- _Exercise prompt_:
What's wanted is each entry repeated verbatim, minus its images.

Phrase grounding data
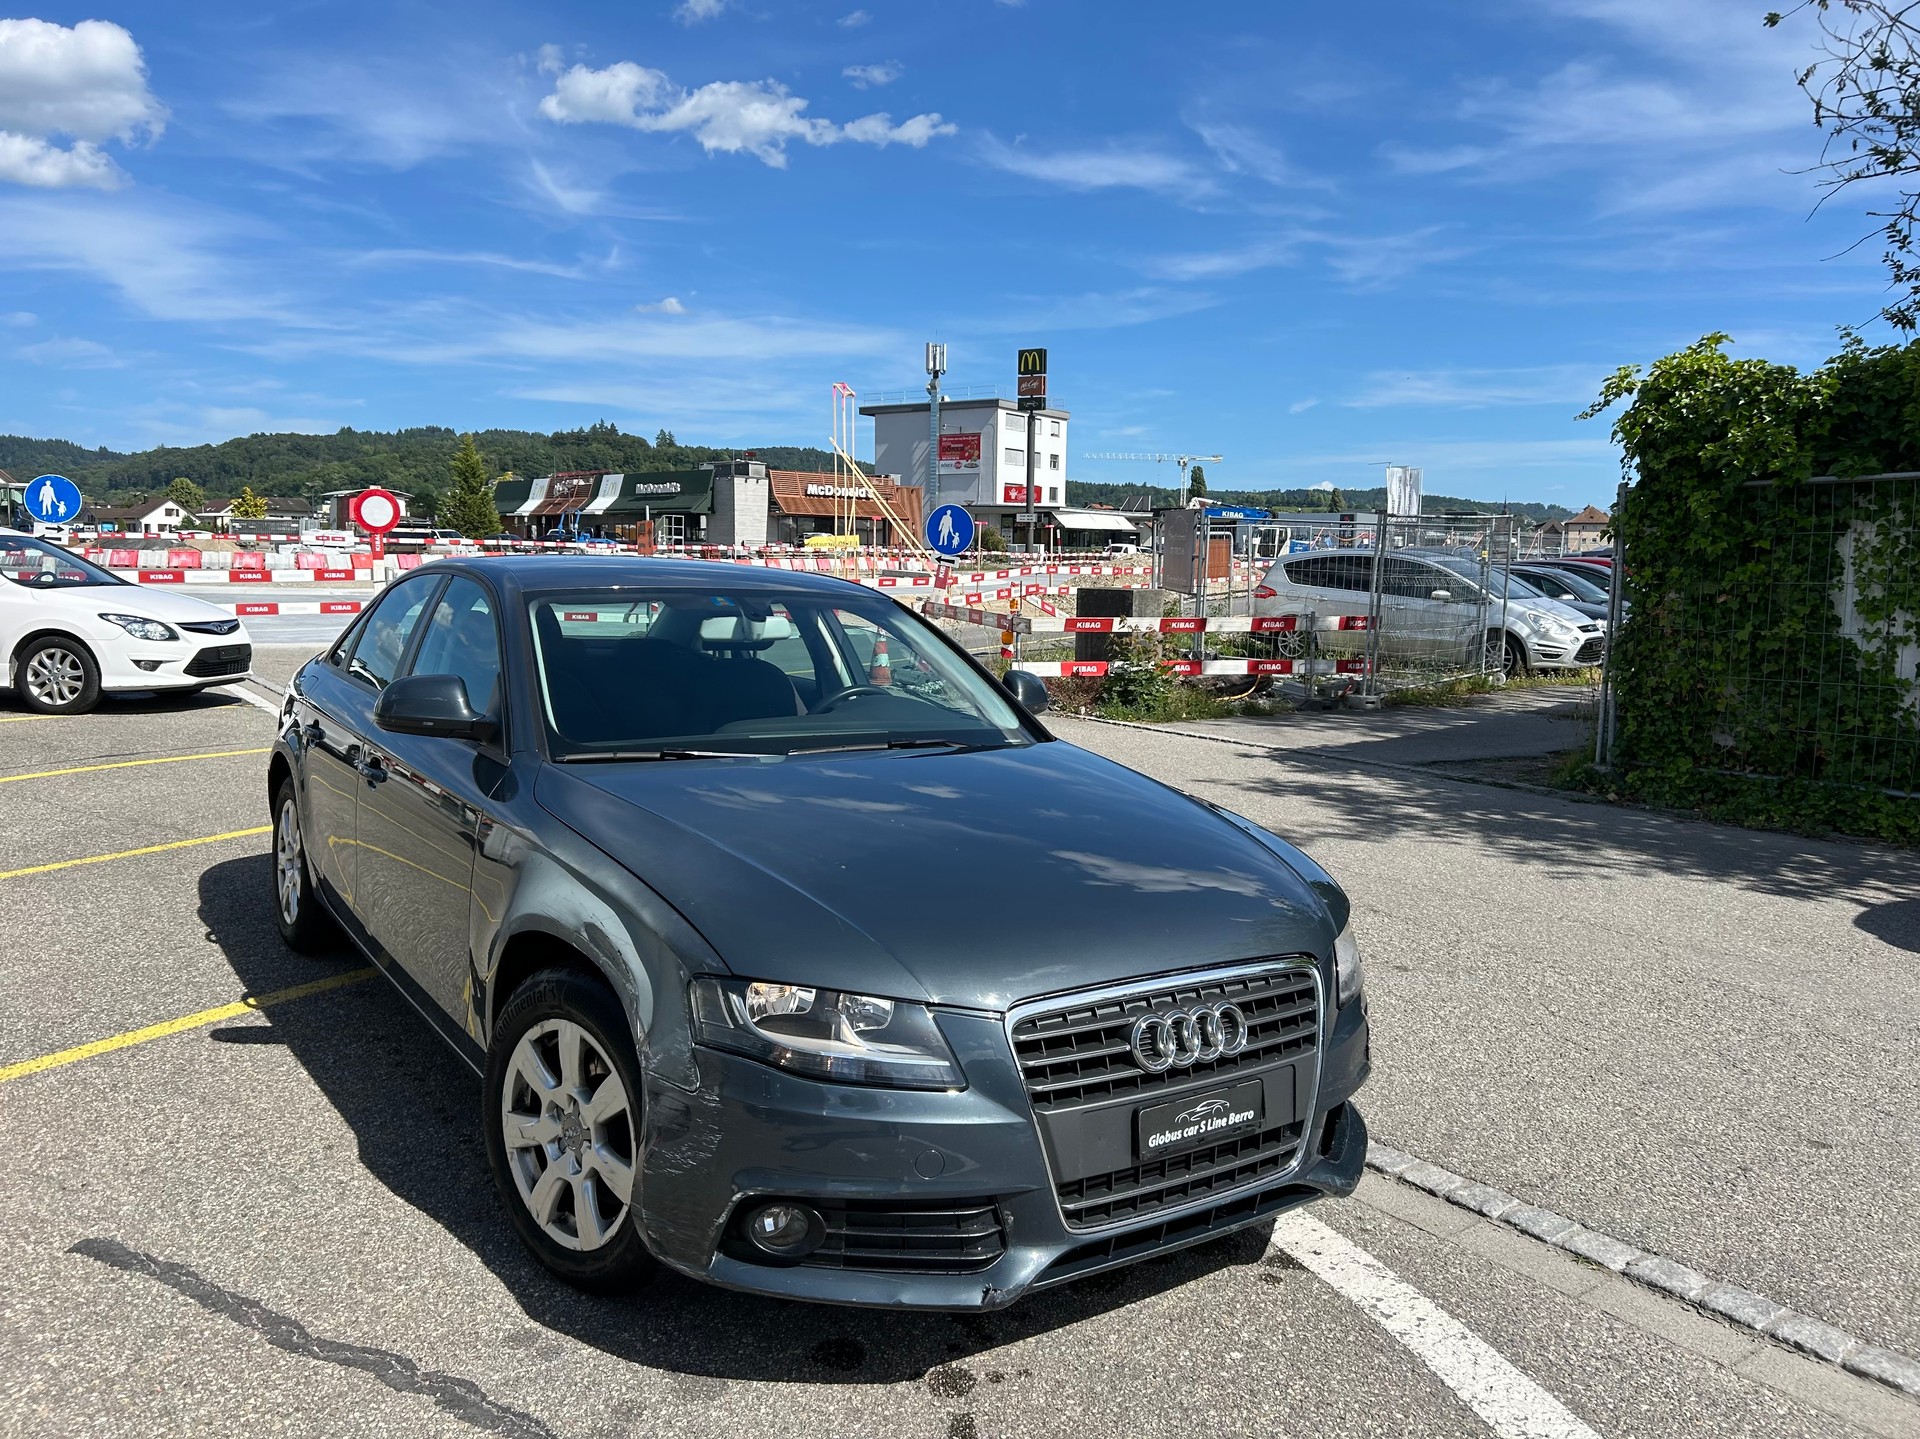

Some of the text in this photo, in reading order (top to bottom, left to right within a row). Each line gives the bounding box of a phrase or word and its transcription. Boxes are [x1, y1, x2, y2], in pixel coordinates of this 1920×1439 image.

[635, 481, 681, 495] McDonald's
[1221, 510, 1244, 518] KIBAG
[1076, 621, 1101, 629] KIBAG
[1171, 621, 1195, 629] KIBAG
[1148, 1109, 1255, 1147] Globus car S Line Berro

- _Written answer_:
Some of the text in this photo, in reading order (top to bottom, left to right within a row). Each line gives the bounding box of a phrase or word and its transcription. Boxes are [x1, y1, x2, y2], in pixel coordinates of this 1920×1439 image.

[635, 481, 681, 495] McDonald's
[1221, 510, 1244, 518] KIBAG
[1076, 621, 1101, 629] KIBAG
[1171, 621, 1195, 629] KIBAG
[1148, 1109, 1255, 1147] Globus car S Line Berro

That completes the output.